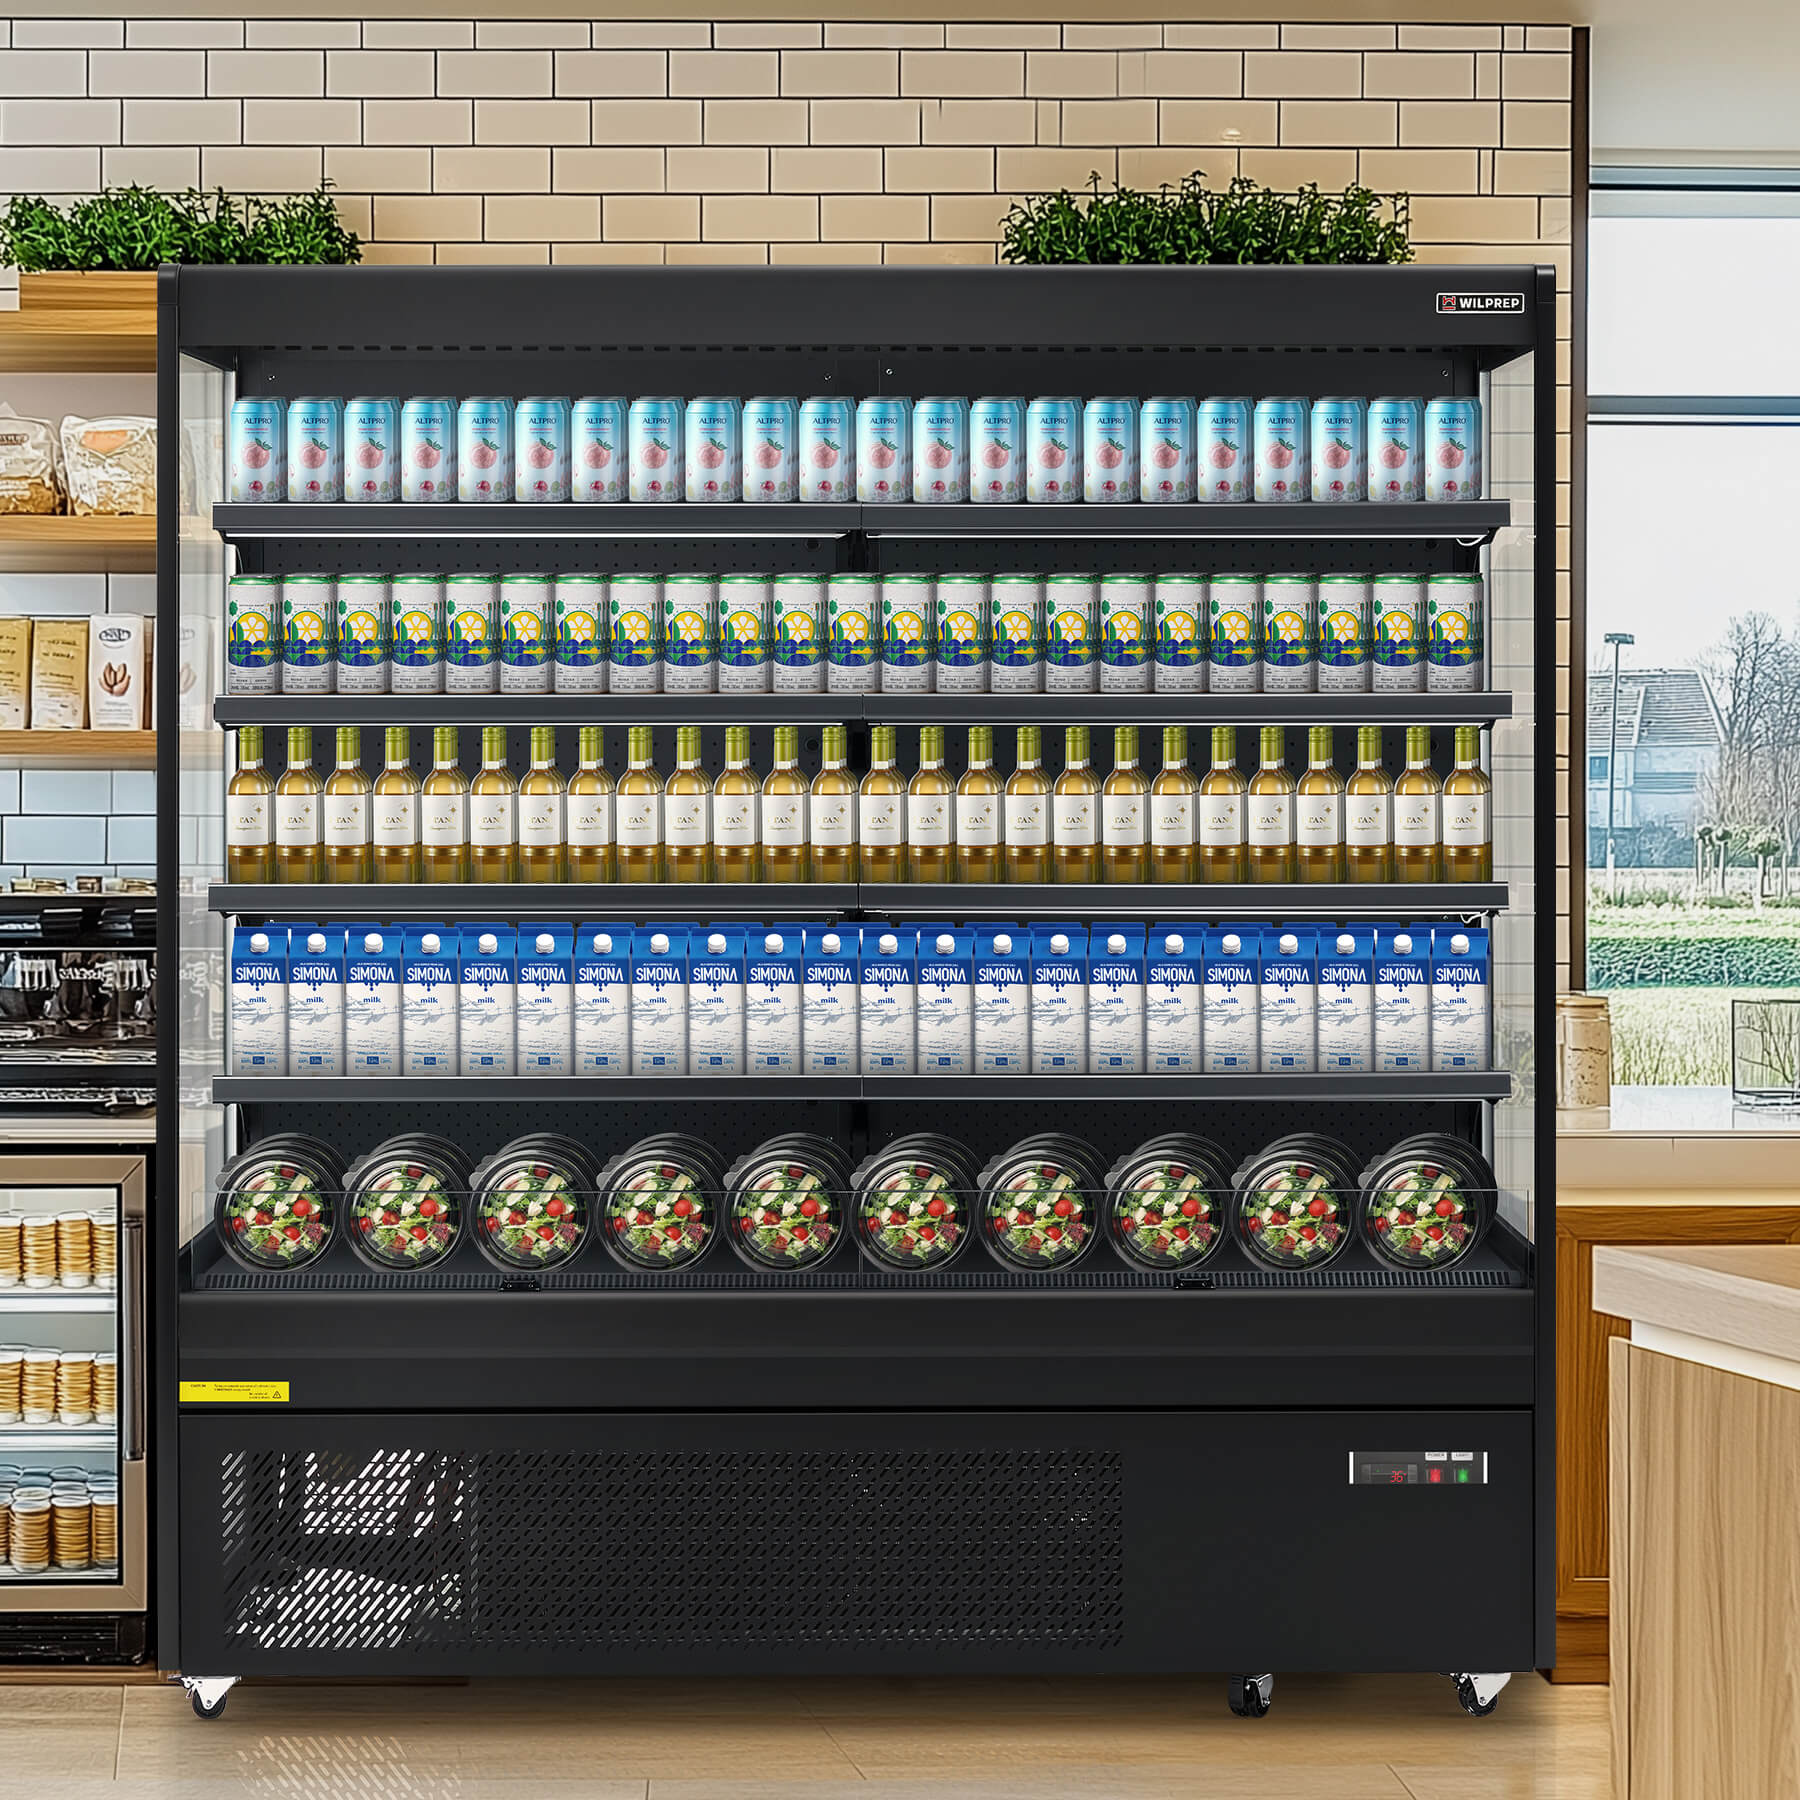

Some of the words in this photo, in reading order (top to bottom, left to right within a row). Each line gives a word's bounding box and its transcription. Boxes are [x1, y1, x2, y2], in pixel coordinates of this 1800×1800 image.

[1459, 297, 1520, 309] WILPREP
[244, 417, 272, 425] ALTPRO
[301, 417, 329, 425] ALTPRO
[358, 417, 386, 425] ALTPRO
[415, 417, 443, 425] ALTPRO
[471, 417, 499, 425] ALTPRO
[529, 417, 557, 425] ALTPRO
[585, 417, 613, 425] ALTPRO
[642, 417, 670, 425] ALTPRO
[699, 417, 727, 425] ALTPRO
[756, 417, 784, 425] ALTPRO
[813, 417, 841, 425] ALTPRO
[870, 417, 898, 425] ALTPRO
[926, 417, 954, 425] ALTPRO
[983, 417, 1011, 425] ALTPRO
[1040, 417, 1068, 425] ALTPRO
[1097, 417, 1125, 425] ALTPRO
[1154, 417, 1182, 425] ALTPRO
[1211, 417, 1239, 425] ALTPRO
[1267, 417, 1295, 425] ALTPRO
[1325, 417, 1353, 425] ALTPRO
[1381, 417, 1409, 425] ALTPRO
[1438, 417, 1466, 425] ALTPRO
[236, 967, 280, 981] SIMONA
[293, 967, 337, 981] SIMONA
[350, 967, 394, 981] SIMONA
[407, 967, 451, 981] SIMONA
[464, 967, 508, 981] SIMONA
[521, 967, 565, 981] SIMONA
[579, 967, 623, 981] SIMONA
[636, 967, 680, 981] SIMONA
[693, 967, 737, 981] SIMONA
[750, 967, 794, 981] SIMONA
[808, 968, 852, 982] SIMONA
[865, 968, 909, 982] SIMONA
[922, 968, 966, 982] SIMONA
[979, 968, 1023, 982] SIMONA
[1036, 968, 1080, 982] SIMONA
[1093, 968, 1137, 982] SIMONA
[1151, 968, 1195, 982] SIMONA
[1208, 968, 1252, 982] SIMONA
[1265, 968, 1309, 982] SIMONA
[1322, 968, 1366, 982] SIMONA
[1379, 968, 1423, 982] SIMONA
[1436, 968, 1480, 982] SIMONA

[WORK TO COMPLETE]: From the first line to the last, retype the data exactly, without images.

[RESPONSE TO THIS TASK]:
Some of the words in this photo, in reading order (top to bottom, left to right within a row). Each line gives a word's bounding box and its transcription. Boxes are [x1, y1, x2, y2], in pixel coordinates of this 1800×1800 image.

[1459, 297, 1520, 309] WILPREP
[244, 417, 272, 425] ALTPRO
[301, 417, 329, 425] ALTPRO
[358, 417, 386, 425] ALTPRO
[415, 417, 443, 425] ALTPRO
[471, 417, 499, 425] ALTPRO
[529, 417, 557, 425] ALTPRO
[585, 417, 613, 425] ALTPRO
[642, 417, 670, 425] ALTPRO
[699, 417, 727, 425] ALTPRO
[756, 417, 784, 425] ALTPRO
[813, 417, 841, 425] ALTPRO
[870, 417, 898, 425] ALTPRO
[926, 417, 954, 425] ALTPRO
[983, 417, 1011, 425] ALTPRO
[1040, 417, 1068, 425] ALTPRO
[1097, 417, 1125, 425] ALTPRO
[1154, 417, 1182, 425] ALTPRO
[1211, 417, 1239, 425] ALTPRO
[1267, 417, 1295, 425] ALTPRO
[1325, 417, 1353, 425] ALTPRO
[1381, 417, 1409, 425] ALTPRO
[1438, 417, 1466, 425] ALTPRO
[236, 967, 280, 981] SIMONA
[293, 967, 337, 981] SIMONA
[350, 967, 394, 981] SIMONA
[407, 967, 451, 981] SIMONA
[464, 967, 508, 981] SIMONA
[521, 967, 565, 981] SIMONA
[579, 967, 623, 981] SIMONA
[636, 967, 680, 981] SIMONA
[693, 967, 737, 981] SIMONA
[750, 967, 794, 981] SIMONA
[808, 968, 852, 982] SIMONA
[865, 968, 909, 982] SIMONA
[922, 968, 966, 982] SIMONA
[979, 968, 1023, 982] SIMONA
[1036, 968, 1080, 982] SIMONA
[1093, 968, 1137, 982] SIMONA
[1151, 968, 1195, 982] SIMONA
[1208, 968, 1252, 982] SIMONA
[1265, 968, 1309, 982] SIMONA
[1322, 968, 1366, 982] SIMONA
[1379, 968, 1423, 982] SIMONA
[1436, 968, 1480, 982] SIMONA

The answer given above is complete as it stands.